The task: Transcribe all of the records word for word, please, omitting the pictures.

[[ Record set open ]]

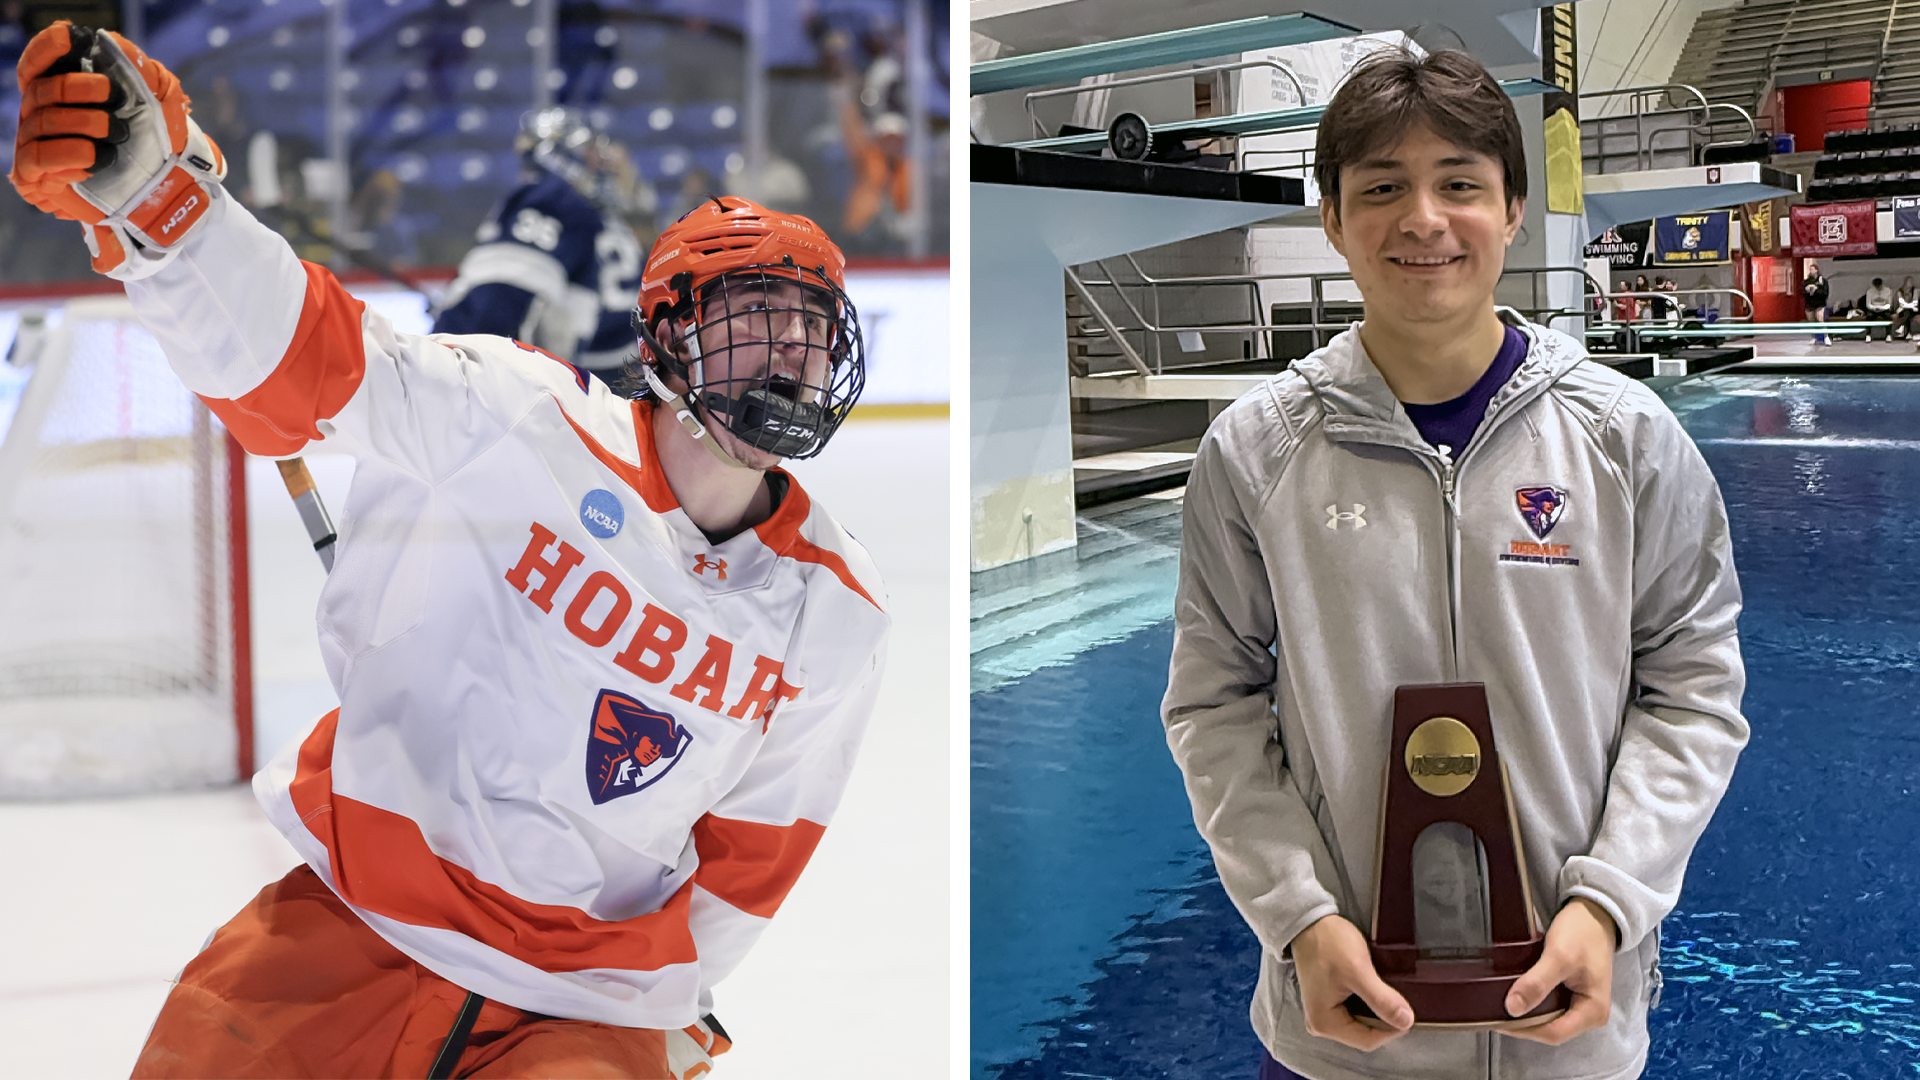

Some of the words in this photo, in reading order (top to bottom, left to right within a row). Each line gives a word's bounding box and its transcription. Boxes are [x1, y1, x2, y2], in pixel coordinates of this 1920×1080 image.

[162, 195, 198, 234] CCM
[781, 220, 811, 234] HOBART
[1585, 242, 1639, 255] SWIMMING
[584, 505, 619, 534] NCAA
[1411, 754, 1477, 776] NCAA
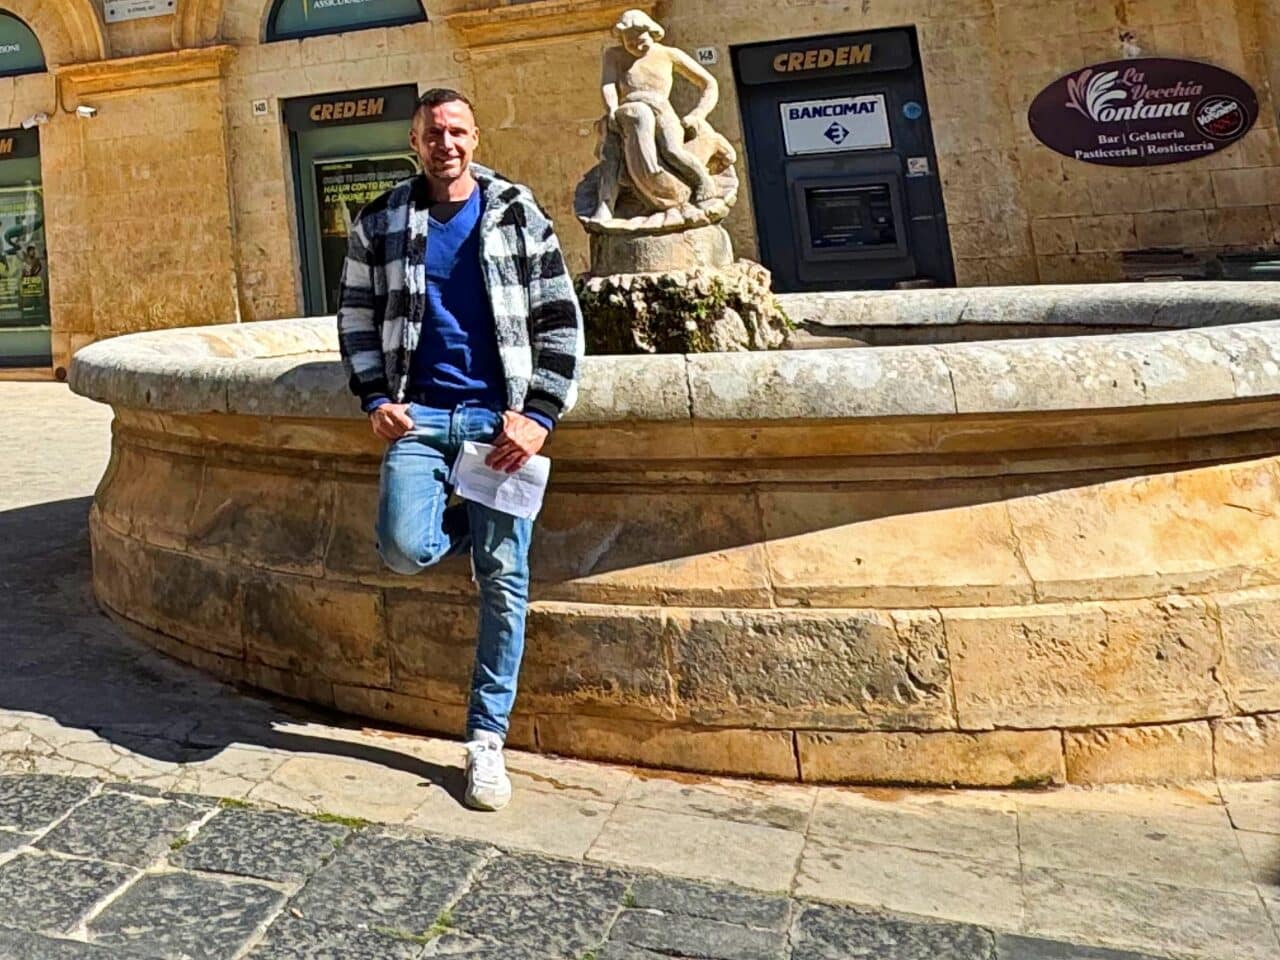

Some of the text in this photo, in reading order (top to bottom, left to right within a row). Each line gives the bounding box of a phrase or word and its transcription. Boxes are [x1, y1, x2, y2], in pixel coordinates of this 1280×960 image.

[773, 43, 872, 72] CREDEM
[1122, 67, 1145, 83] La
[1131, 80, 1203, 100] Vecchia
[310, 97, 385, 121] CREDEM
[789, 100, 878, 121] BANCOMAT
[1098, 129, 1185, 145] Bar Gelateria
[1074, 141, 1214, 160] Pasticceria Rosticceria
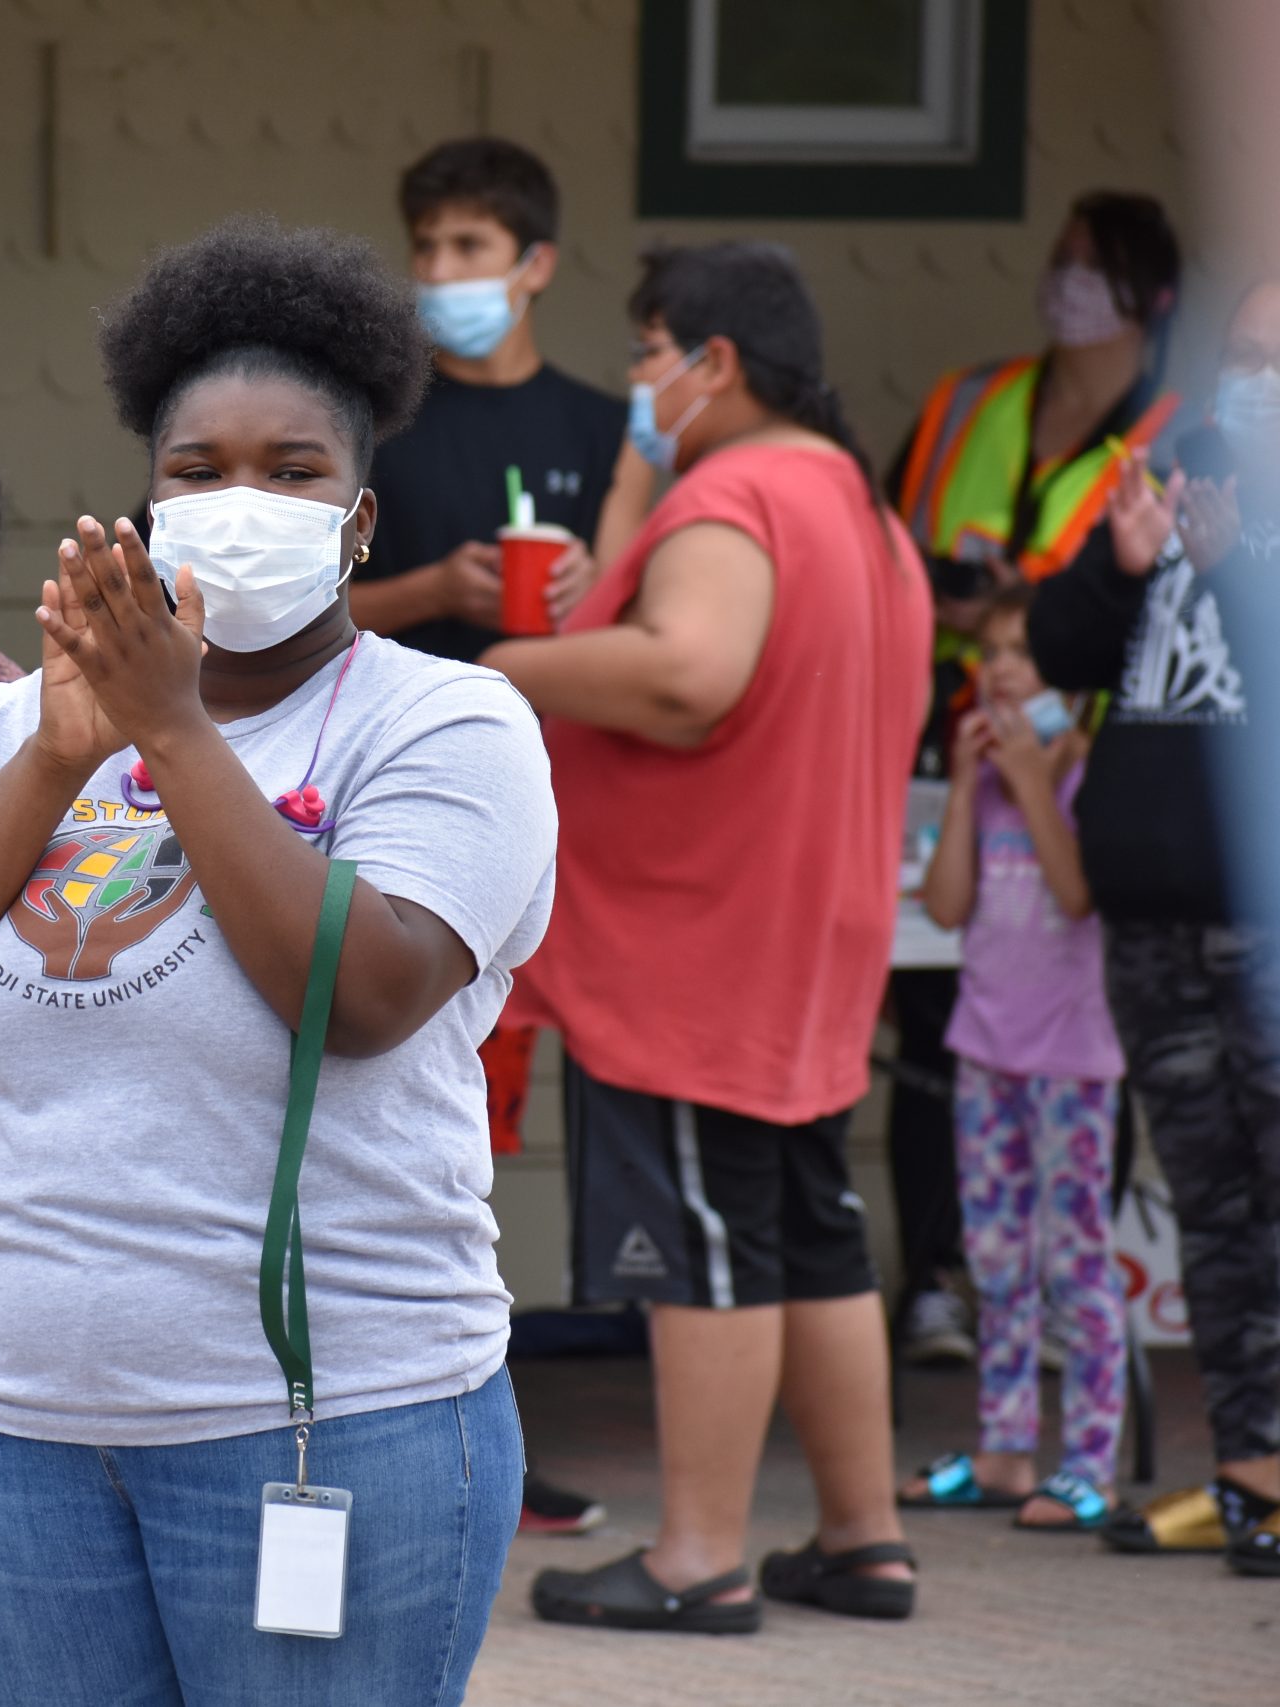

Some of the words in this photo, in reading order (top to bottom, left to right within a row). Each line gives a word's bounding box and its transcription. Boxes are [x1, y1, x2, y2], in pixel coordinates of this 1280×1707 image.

[[ Record set closed ]]

Answer box:
Some of the words in this photo, in reading order (top to bottom, left to right within a row). Each line gives a word's bounding box and its transcription. Boxes are [x1, y1, x2, y2], in pixel coordinates of this 1920×1080 image.

[162, 195, 198, 234] CCM
[781, 220, 811, 234] HOBART
[1585, 242, 1639, 255] SWIMMING
[584, 505, 619, 534] NCAA
[1411, 754, 1477, 776] NCAA

Some of the text in this photo, in reading order (top to bottom, left to right within a row). Each line gives the bounding box of a phrase or word and its transcription. Boxes are [x1, y1, x2, y2], in pixel coordinates of this 1280×960 image.

[773, 43, 872, 72] CREDEM
[1122, 67, 1145, 83] La
[1131, 80, 1203, 100] Vecchia
[310, 97, 385, 121] CREDEM
[789, 100, 878, 121] BANCOMAT
[1098, 129, 1185, 145] Bar Gelateria
[1074, 141, 1214, 160] Pasticceria Rosticceria

Some of the words in this photo, in reading order (top to bottom, left to right within a row). Each line gives a word's bounding box and its transcription. Boxes are [x1, y1, x2, y2], in pixel coordinates of this 1280×1707 image.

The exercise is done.